**Exercise**. No pictures belong in the answer. Repeat all the entries exactly.

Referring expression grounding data
>>>

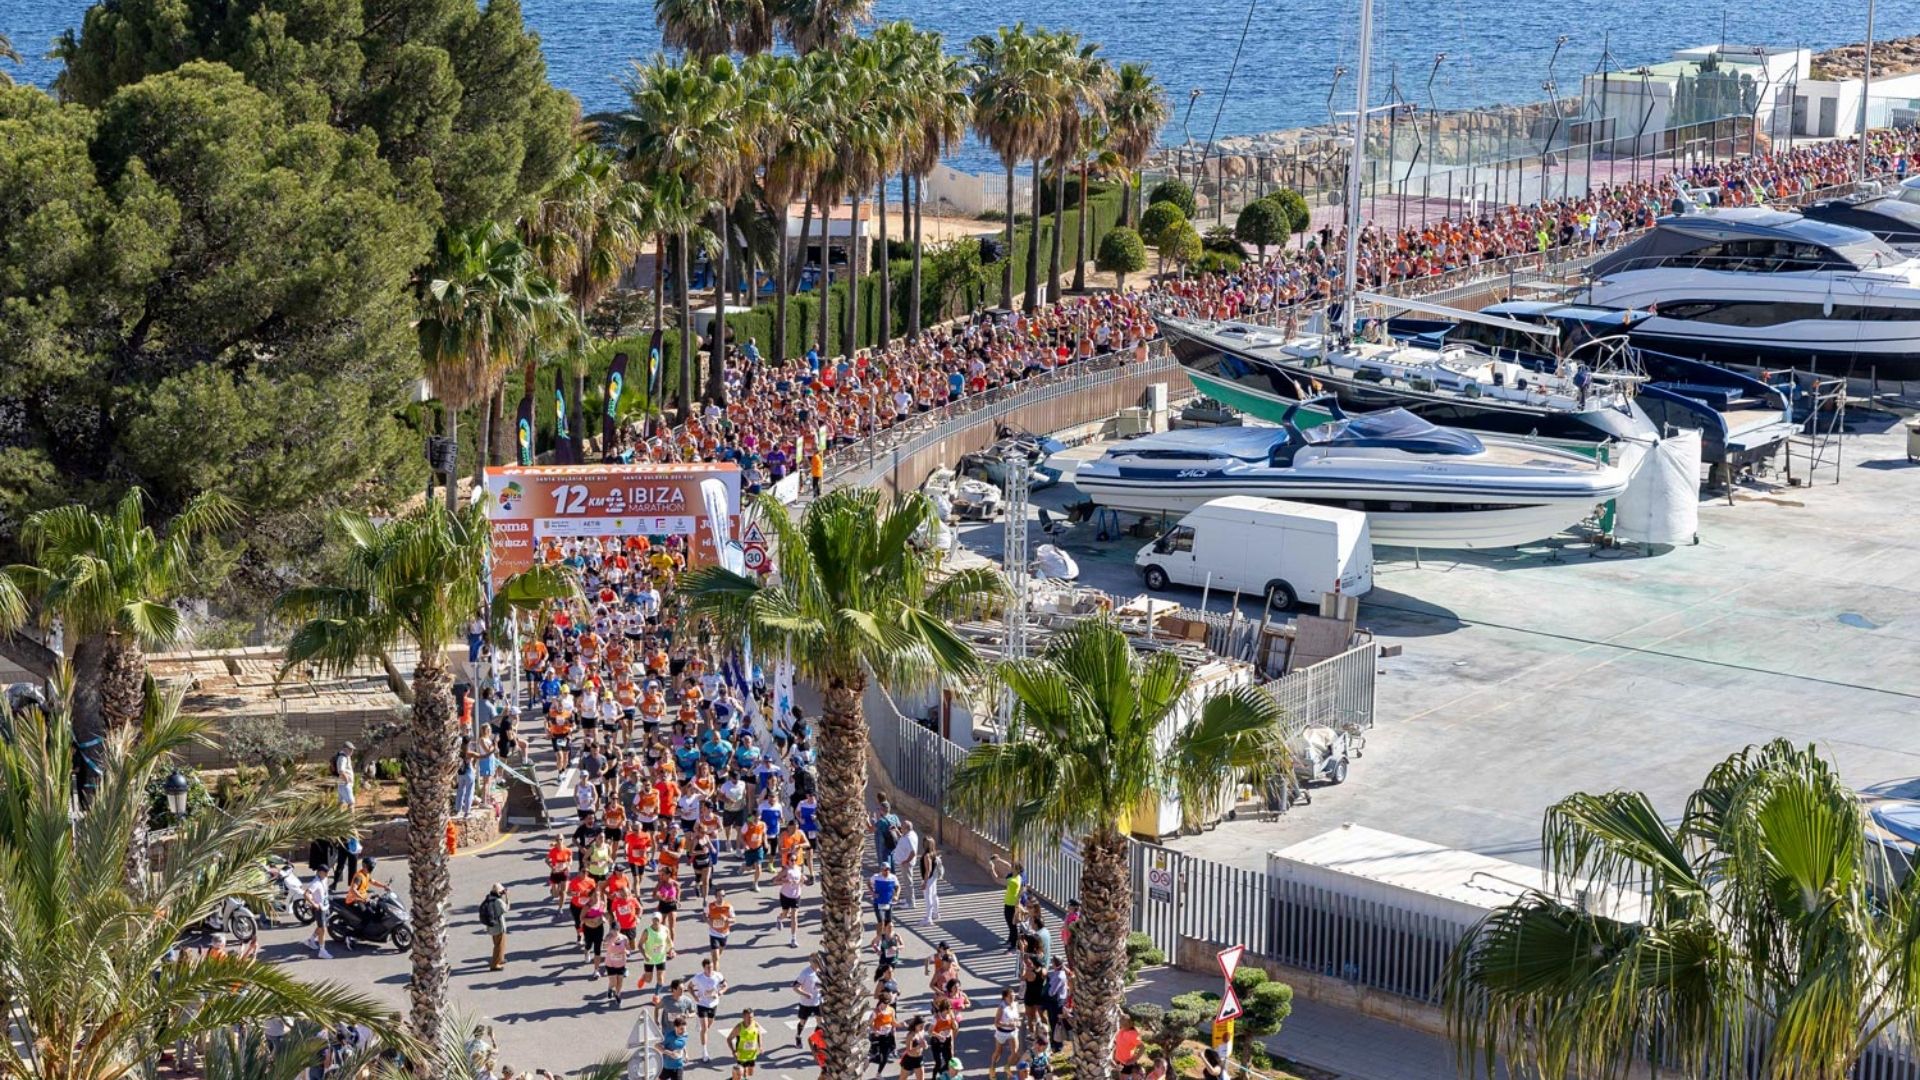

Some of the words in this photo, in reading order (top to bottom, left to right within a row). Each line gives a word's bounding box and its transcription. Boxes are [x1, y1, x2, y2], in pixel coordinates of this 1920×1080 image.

[551, 484, 589, 514] 12
[588, 497, 605, 507] KM
[629, 487, 685, 503] IBIZA
[628, 502, 685, 513] MARATHON
[747, 553, 761, 563] 30

<<<

**Worked solution**.
Some of the words in this photo, in reading order (top to bottom, left to right within a row). Each line gives a word's bounding box and its transcription. Boxes are [x1, y1, x2, y2], in pixel coordinates of this 1920×1080 image.

[551, 484, 589, 514] 12
[588, 497, 605, 507] KM
[629, 487, 685, 503] IBIZA
[628, 502, 685, 513] MARATHON
[747, 553, 761, 563] 30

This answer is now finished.